Ich will nicht etwas besonders sagen, sondern das Thema 'haben + infinitiv' kneten.

Ich habe die Theorie im Duden gelesen und wollte einfach sie benutzen, ohne nichts sagen zu wollen.

Also ich kenne das Beispiel: "_ich habe mein Auto vor dem Haus stehen_".

Mein Ziel: Beispiele finden mit anderen Verben wie 'stehen'. Es gibt dazu, meiner Meinung nach, liegen, sitzen oder stecken. 

Ich habe Wörterbücher benutzt. Aus einem war einfach zu lesen "im Schnee stecken" (Person, Auto). vgl. stecken | Französisch » Deutsch | PONS
Daher stammt der Satz...

Ich probiere erstens einen syntaxisch richtigen Satz zu bauen, dann wenn er semantisch dazu korrekt ist, bin ich froh.

Sowka, ich habe dein Beispiel und korrektur gelesen und finde es gut ! (_Ich habe meine Geldbörse in der Hosentasche stecken_.)

Zum Schluss, zwei andere Fragen:

_Ich habe einige Bücher auf dem Boden liegen._ // ist der Satz richtig ? (syntaxisch und semantisch, also idiomatisch)

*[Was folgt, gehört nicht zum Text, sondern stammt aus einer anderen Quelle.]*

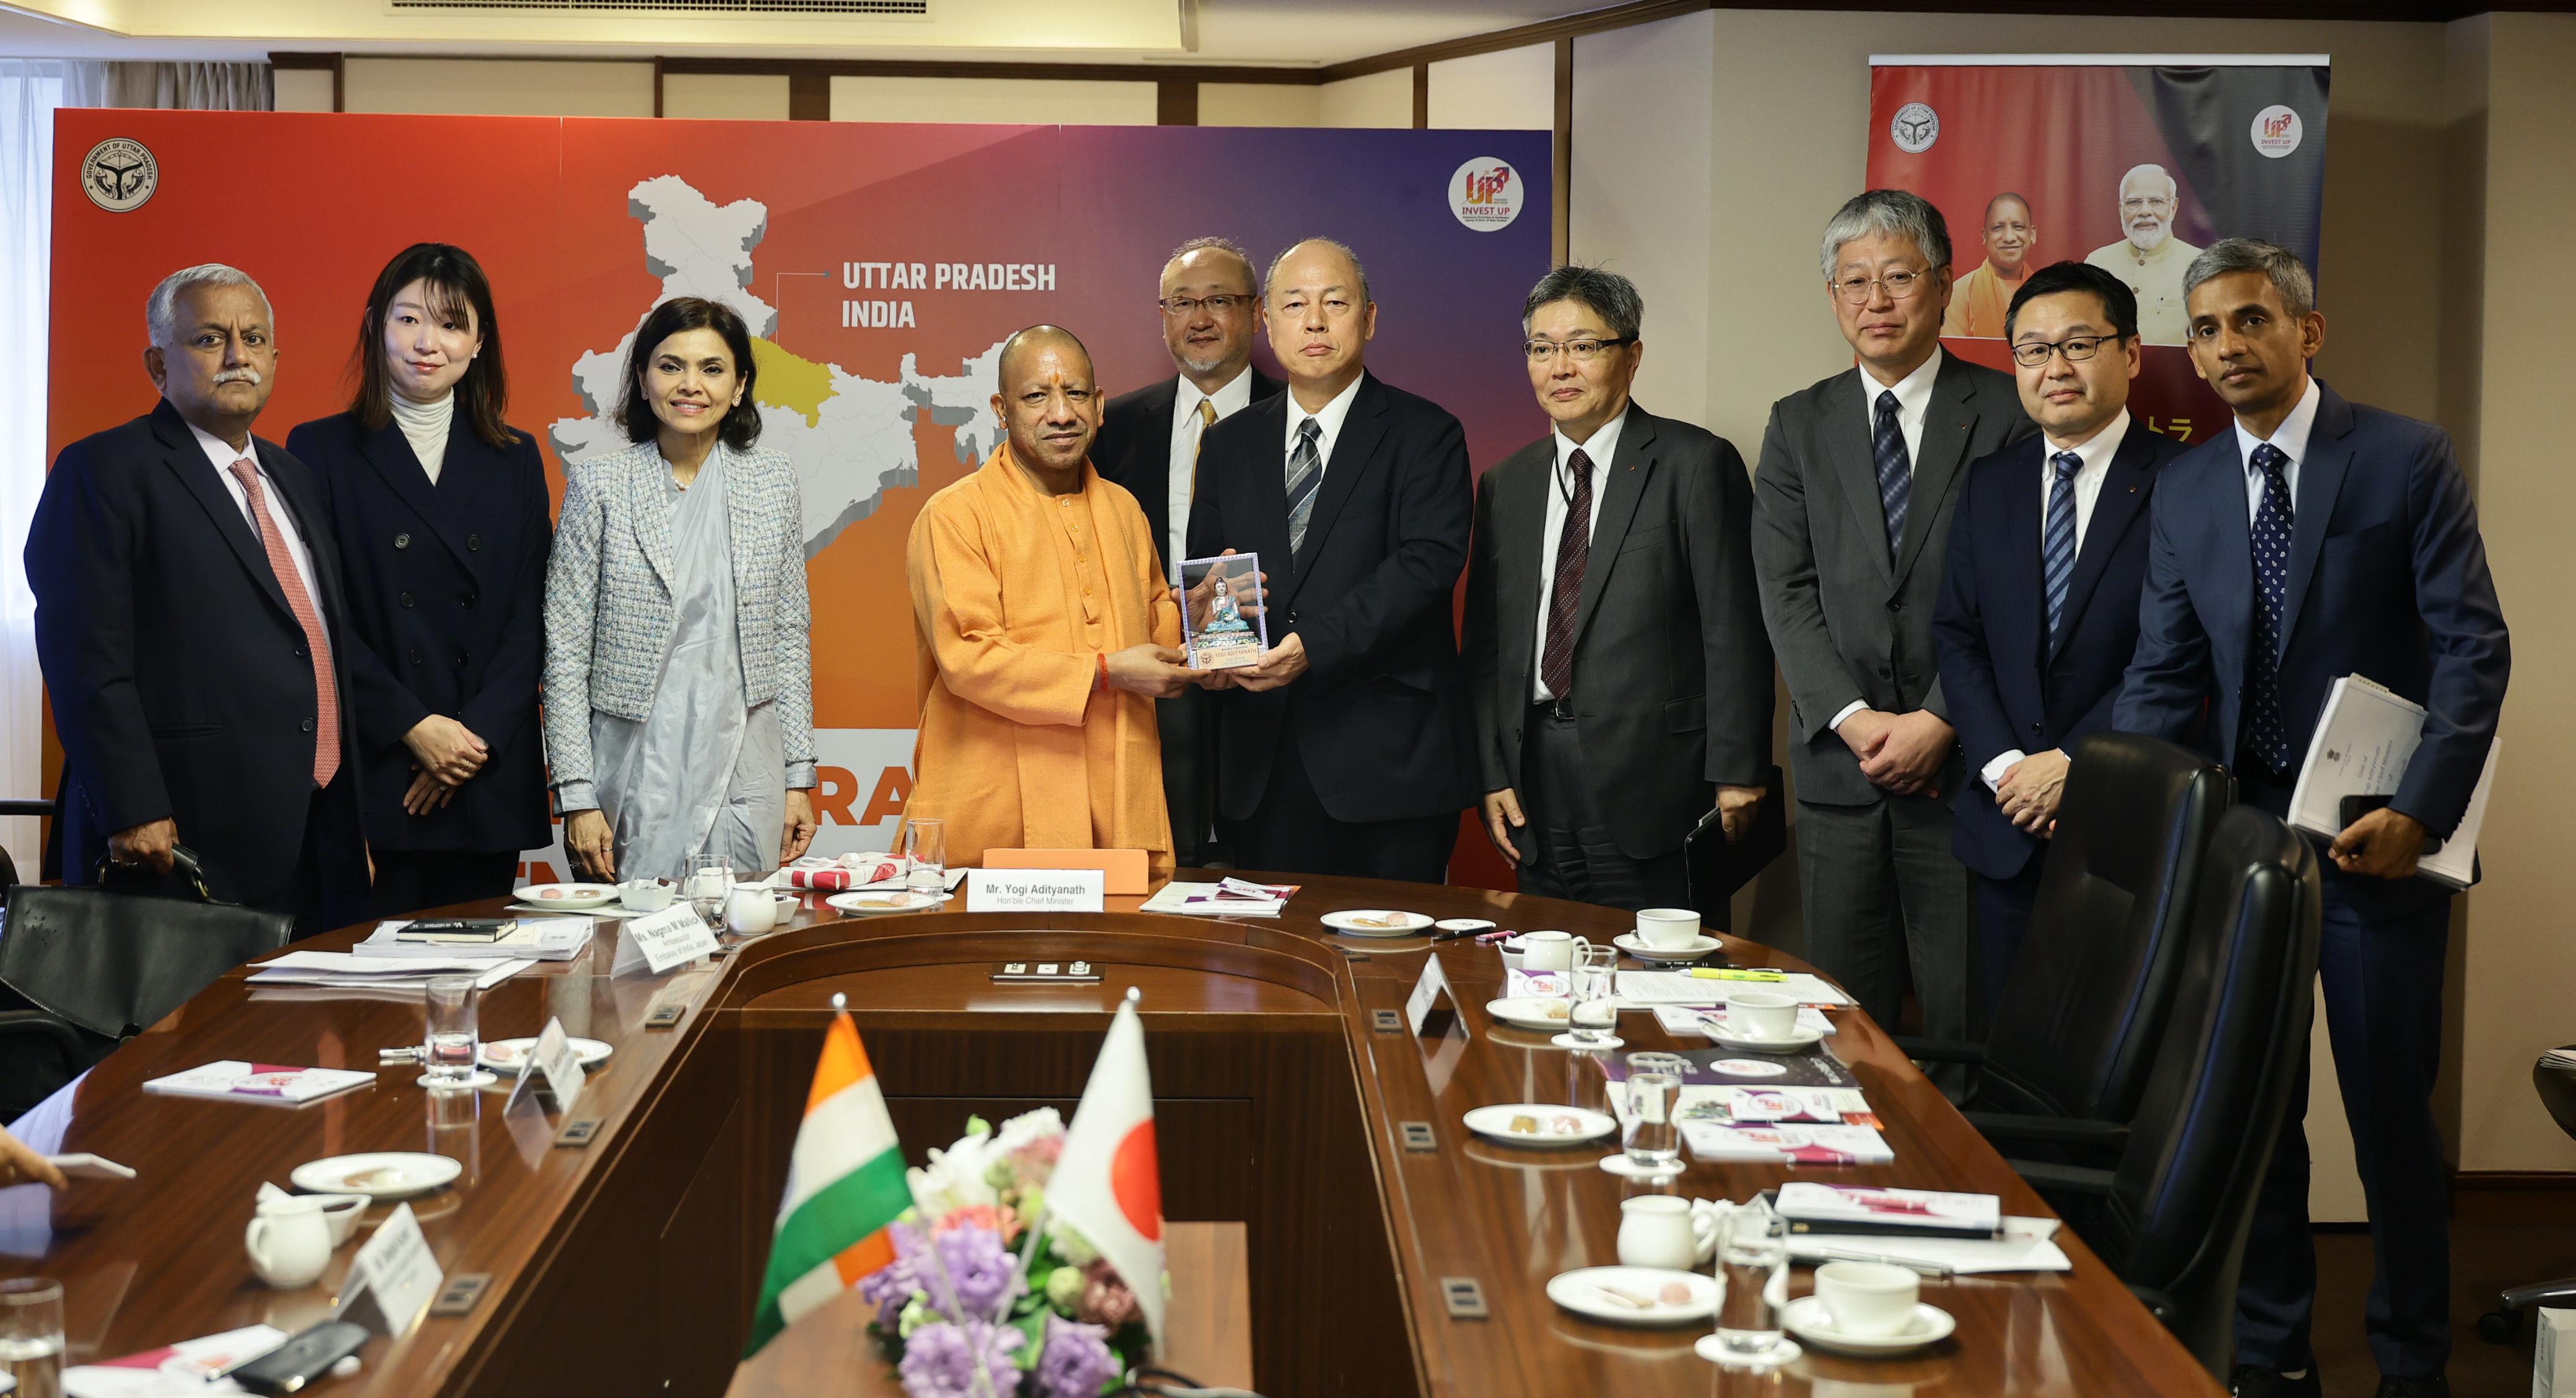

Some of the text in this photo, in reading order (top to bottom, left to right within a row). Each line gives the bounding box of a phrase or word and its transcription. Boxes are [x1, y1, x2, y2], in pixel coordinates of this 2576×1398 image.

[86, 144, 111, 179] GOVERNMENT
[122, 143, 141, 154] UTTAR
[139, 153, 154, 180] PRADESH
[1466, 167, 1510, 204] UP
[1497, 207, 1510, 215] UP
[843, 262, 1056, 291] UTTAR PRADESH
[842, 300, 916, 328] INDIA
[1227, 648, 1256, 657] ADITYANATH
[986, 884, 1086, 897] Mr. Yogi Adityanath
[996, 896, 1074, 906] Hon'ble Chief Minister
[635, 932, 648, 943] Ms.
[646, 925, 672, 938] Nagma

Haben Sie ein Beispiel mit dem Verb '_sitzen' ?_


----------



## Hutschi

Es muss regionale Unterschiede geben, denn für mich klingt der Satz "Ich habe mein Auto im Schnee stecken." idiomatisch, wenn auch umgangssprachlich oder, besser gesagt, es ist kein Satz im formalen Register.
_Ich habe einige Bücher auf dem Boden liegen. _Für mich ist es hier das Gleiche.
Ebenso hier:_  "ich habe mein Auto vor dem Haus stehen".
_
Völlig idiomatisch. Es war eine Überraschung für mich, dass es nicht idiomatisch sein soll.
Natürlich sind die Sätze dann auch für mich semantisch sinnvoll. Sie lassen sich aber nicht auf einfache Weise semantisch aus den isolierten Bestandteilen erklären. Ich nehme an, Kajjo betrachtet es aus diesem Grund als semantisch wenig sinnvoll.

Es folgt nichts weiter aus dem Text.